(Beginning of Entries shown)

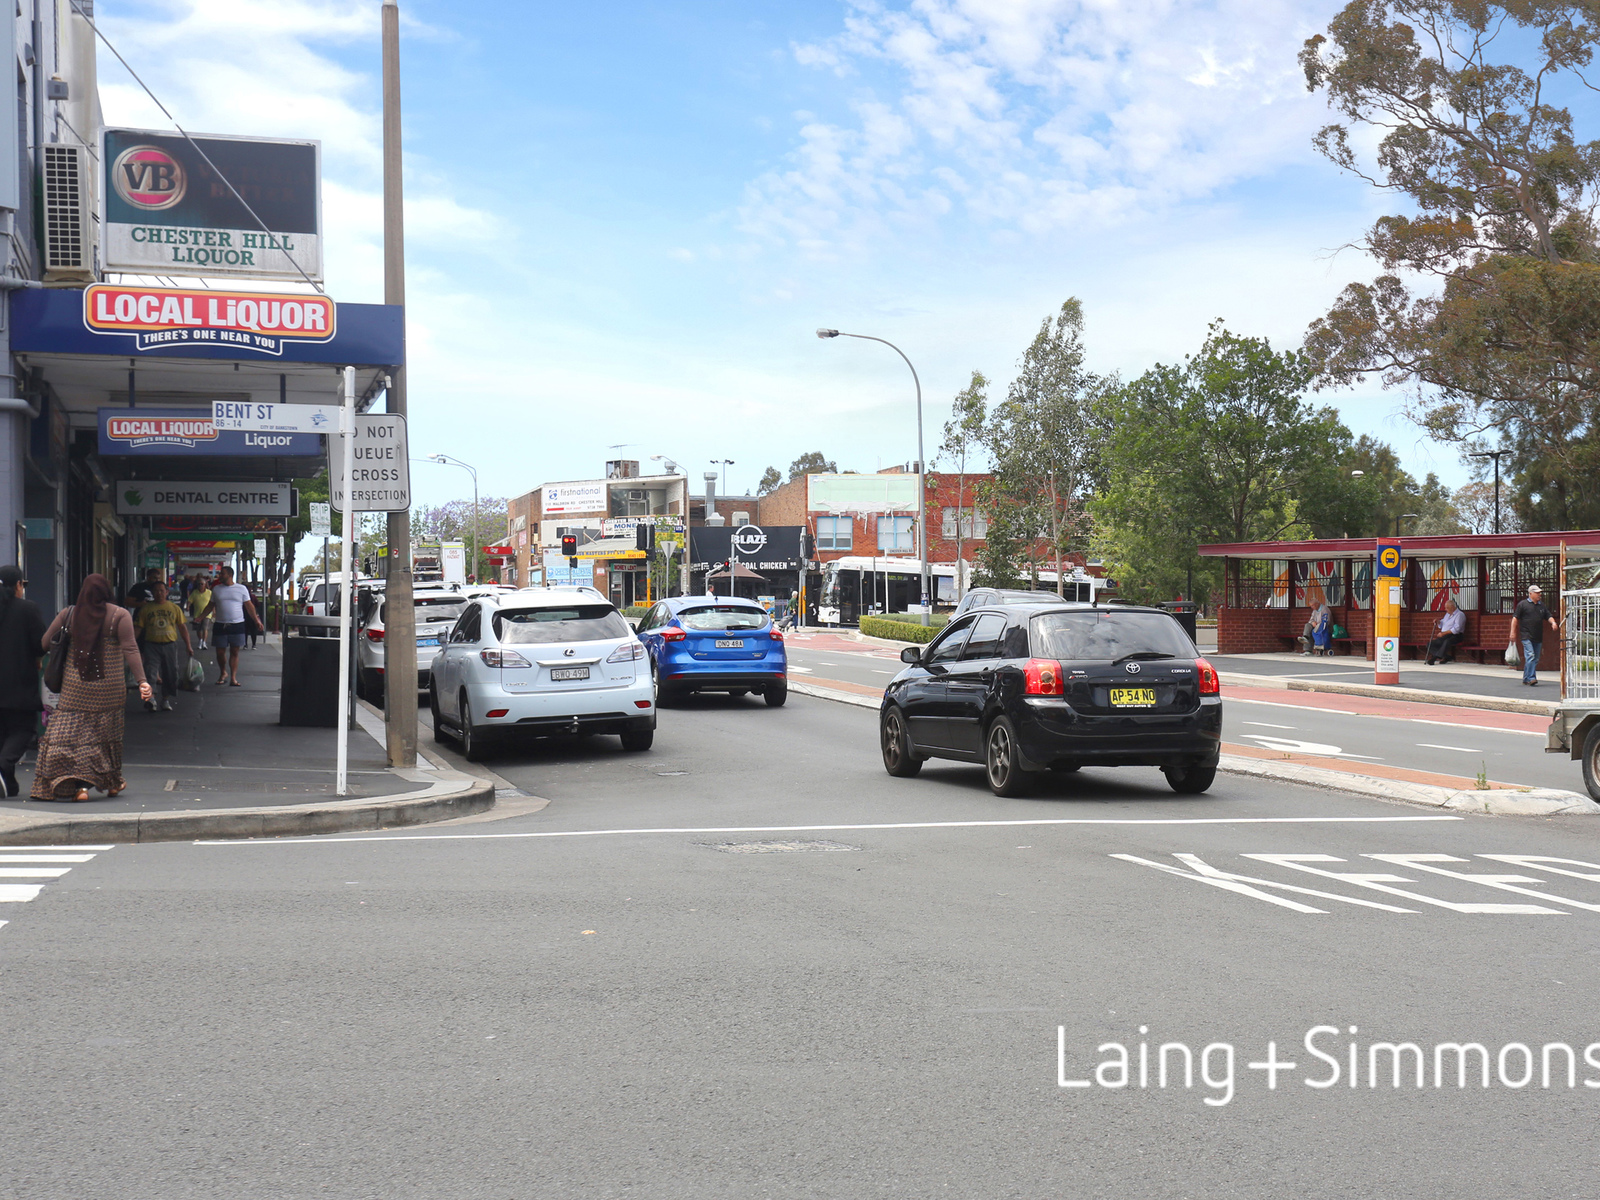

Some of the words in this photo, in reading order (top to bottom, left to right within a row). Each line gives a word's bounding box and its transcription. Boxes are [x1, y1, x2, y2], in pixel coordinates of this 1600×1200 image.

[122, 163, 177, 192] VB
[131, 227, 232, 247] CHESTER
[242, 233, 294, 250] HILL
[172, 246, 255, 266] LIQUOR
[97, 293, 202, 325] LOCAL
[143, 330, 188, 344] THERE'S
[193, 330, 216, 340] ONE
[220, 331, 250, 344] NEAR
[254, 335, 276, 349] YOU
[215, 403, 252, 419] BENT
[257, 404, 274, 420] ST
[113, 421, 162, 436] LOCAL
[215, 419, 225, 427] 86
[233, 419, 242, 428] 14
[367, 426, 395, 438] NOT
[245, 433, 292, 449] Liquor
[355, 448, 394, 460] UEUE
[341, 469, 399, 481] CROSS
[154, 491, 214, 504] DENTAL
[217, 492, 279, 504] CENTRE
[335, 490, 407, 501] INERSECTION
[733, 534, 768, 544] BLAZE
[741, 561, 758, 570] COAL
[759, 561, 788, 570] CHICKEN

(End of Entries shown)

### Exercise
Reproduce the complete set of records verbatim and omit the pictures.

### Reply to the task
Some of the words in this photo, in reading order (top to bottom, left to right within a row). Each line gives a word's bounding box and its transcription. Boxes are [x1, y1, x2, y2], in pixel coordinates of this 1600×1200 image.

[122, 163, 177, 192] VB
[131, 227, 232, 247] CHESTER
[242, 233, 294, 250] HILL
[172, 246, 255, 266] LIQUOR
[97, 293, 202, 325] LOCAL
[143, 330, 188, 344] THERE'S
[193, 330, 216, 340] ONE
[220, 331, 250, 344] NEAR
[254, 335, 276, 349] YOU
[215, 403, 252, 419] BENT
[257, 404, 274, 420] ST
[113, 421, 162, 436] LOCAL
[215, 419, 225, 427] 86
[233, 419, 242, 428] 14
[367, 426, 395, 438] NOT
[245, 433, 292, 449] Liquor
[355, 448, 394, 460] UEUE
[341, 469, 399, 481] CROSS
[154, 491, 214, 504] DENTAL
[217, 492, 279, 504] CENTRE
[335, 490, 407, 501] INERSECTION
[733, 534, 768, 544] BLAZE
[741, 561, 758, 570] COAL
[759, 561, 788, 570] CHICKEN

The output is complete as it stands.